東日本大震災から一年が経ち、日本をめぐる状況は刻々と変化しています。
ついに日本の貿易収支は赤字に転落しました。原油価格の高騰に加え、国内の原発停止によって燃料の輸入高が大きく膨らんだこともその要因ですが、円高による輸出産業の価格競争力低下、少子高齢化による消費の低迷など慢性的な問題が大きく影響しています。今後、貿易赤字の慢性化は避けられないと予想されます。
一方、目先では不思議なことに株価は上昇し、円高は一服しています。欧州危機が一服し、アメリカの金融緩和により景気の上昇期待が高まったことなどが原因と考えられます。このような時期は根拠のない楽観をするのではなく、むしろこれから起こるとんでもない事態に備え、いかに生き残るかを真剣に考える格好の時期ととらえるべきです。

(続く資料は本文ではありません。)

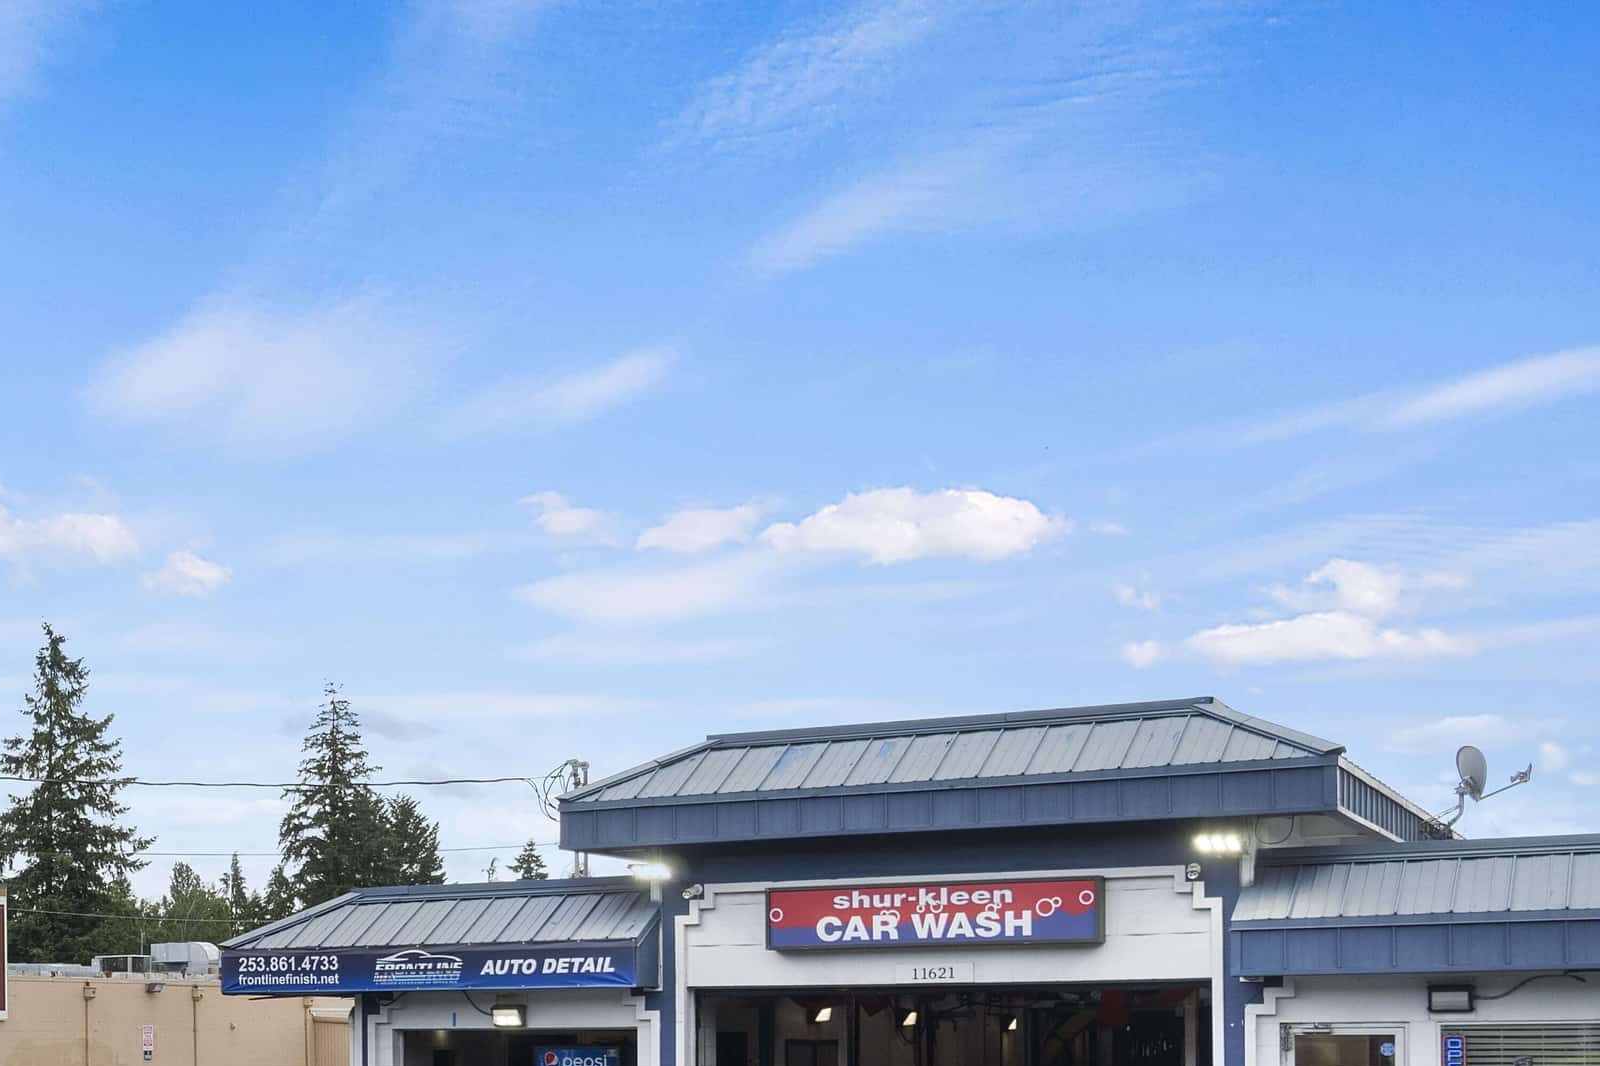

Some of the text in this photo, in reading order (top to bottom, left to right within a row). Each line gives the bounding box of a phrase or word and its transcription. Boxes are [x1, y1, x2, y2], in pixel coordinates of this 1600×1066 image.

[833, 888, 1013, 909] shur-kleen
[816, 910, 1033, 942] CAR WASH
[239, 955, 339, 972] 253.861.4733
[480, 956, 615, 975] AUTO DETAIL
[238, 973, 340, 986] frontlinefinish.net
[911, 967, 956, 981] 11621

では、私たちはこの激動の時代を生き抜くためにどのようなことを考えていけばよいのでしょうか。
私は今、「巨大な4つの波」に注目しています。
1つ目は、私が以前から注目している「文明の800年周期」という波です。
800年周期説によれば21世紀は東西文明の交代期に当たります。過去、文明の交代期には必ず激動と大混乱がおきており、今世紀も過去の歴史と同様に激動と大混乱の時代となるでしょう。それを裏付けるように、2000年代に入って同時多発テロ、インド洋大津波、金融危機、そして欧州危機と、立て続けに世界を揺るがす事件が起きています。今や資本主義すら終焉しかねないような事態が到来しているのです。
2つ目は、「覇権の移行」です。
これは、超大国アメリカの凋落と中国の台頭という形で現実のものになりつつあります。そして、覇権の移行期には必ず大混乱が訪れるのです。前回の覇権の移行は20世紀初頭、大英帝国の没落とアメリカの台頭でした。この時には二回の世界大戦と世界恐慌という、とんでもないことが起きています。
今回についても、世界恐慌と大規模紛争、最悪の場合は第三次世界大戦という事態も想定されます。既にその火種はイスラエルとイランの問題として顕在化しており、予断を許さない状況です。
3つ目は「人類活動の限界」です。
20世紀以降の人口爆発により、70億人となった現在、食糧問題は極めて深刻です。また、地球温暖化、環境汚染を含め人類の存亡にかかわるようなことが起こる可能性もあります。
さらに4つ目は、「天変地異の到来」です。
現在、日本では1100年ぶりの天変地異がまさに起こりつつあります。869年の貞観大地震のときは、これと時を前後してスマトラ地震、東南海地震、富士山噴火がありました。今回は既にスマトラ地震と東日本大震災が起きており、残る東南海地震と富士山噴火も近い将来に極めて高い可能性で起こるでしょう。
これら4つの「巨大な波」の他にもまだあります。日本は現在多額の借金を抱えています。このまま行けば数年以内にも「日本国破産」というとんでもない事態になる可能性があります。あるいは「東南海地震」もしくは「富士山噴火」をきっかけにしてさらに借金が膨らみ、さらにひどい事態をもたらすことも考えられます。